Your answer must consist of the records exactly as given, with no pictures included.
--- The data ---
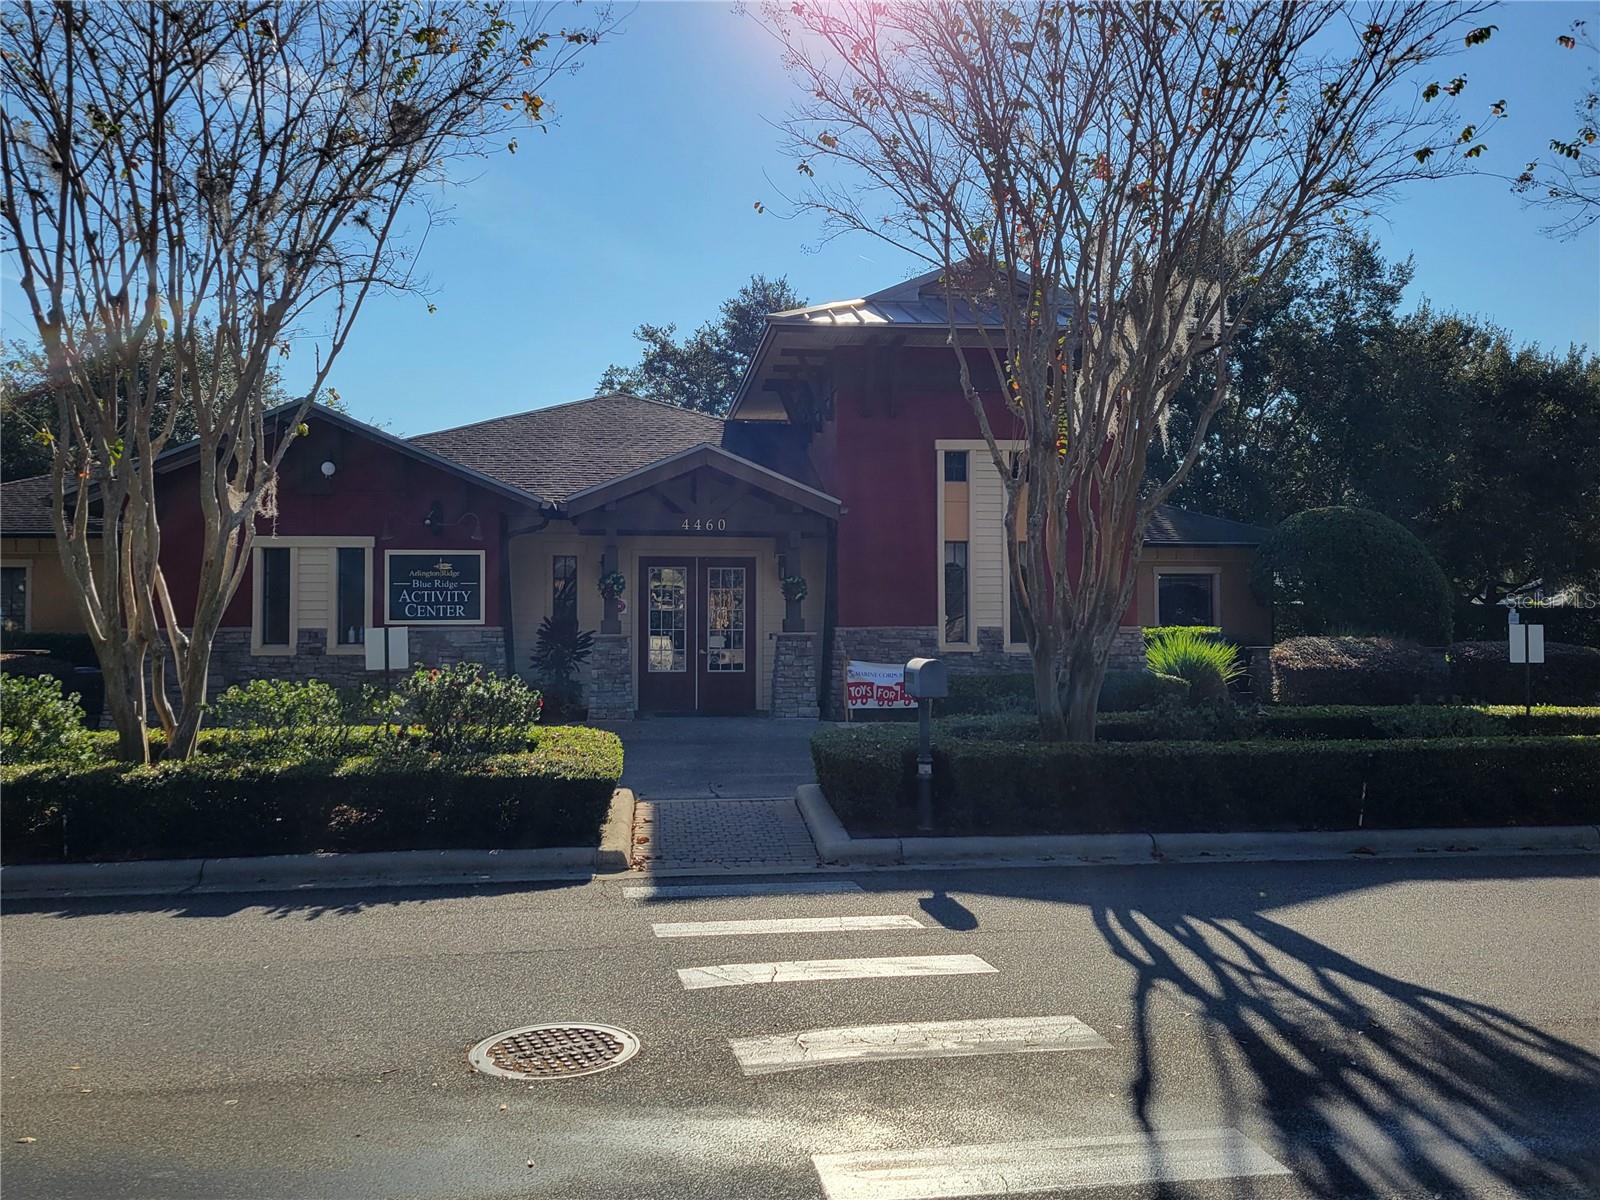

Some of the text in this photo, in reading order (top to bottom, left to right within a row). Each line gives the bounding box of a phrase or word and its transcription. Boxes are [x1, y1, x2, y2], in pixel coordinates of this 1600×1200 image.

[681, 518, 726, 531] 4460
[409, 570, 440, 578] Arlington
[412, 579, 458, 590] Blue Ridge
[399, 589, 472, 603] ACTIVITY
[404, 603, 466, 617] CENTER
[849, 684, 873, 698] TOYS
[877, 688, 896, 700] FOR
---
* Task answer:
Some of the text in this photo, in reading order (top to bottom, left to right within a row). Each line gives the bounding box of a phrase or word and its transcription. Boxes are [x1, y1, x2, y2], in pixel coordinates of this 1600×1200 image.

[681, 518, 726, 531] 4460
[409, 570, 440, 578] Arlington
[412, 579, 458, 590] Blue Ridge
[399, 589, 472, 603] ACTIVITY
[404, 603, 466, 617] CENTER
[849, 684, 873, 698] TOYS
[877, 688, 896, 700] FOR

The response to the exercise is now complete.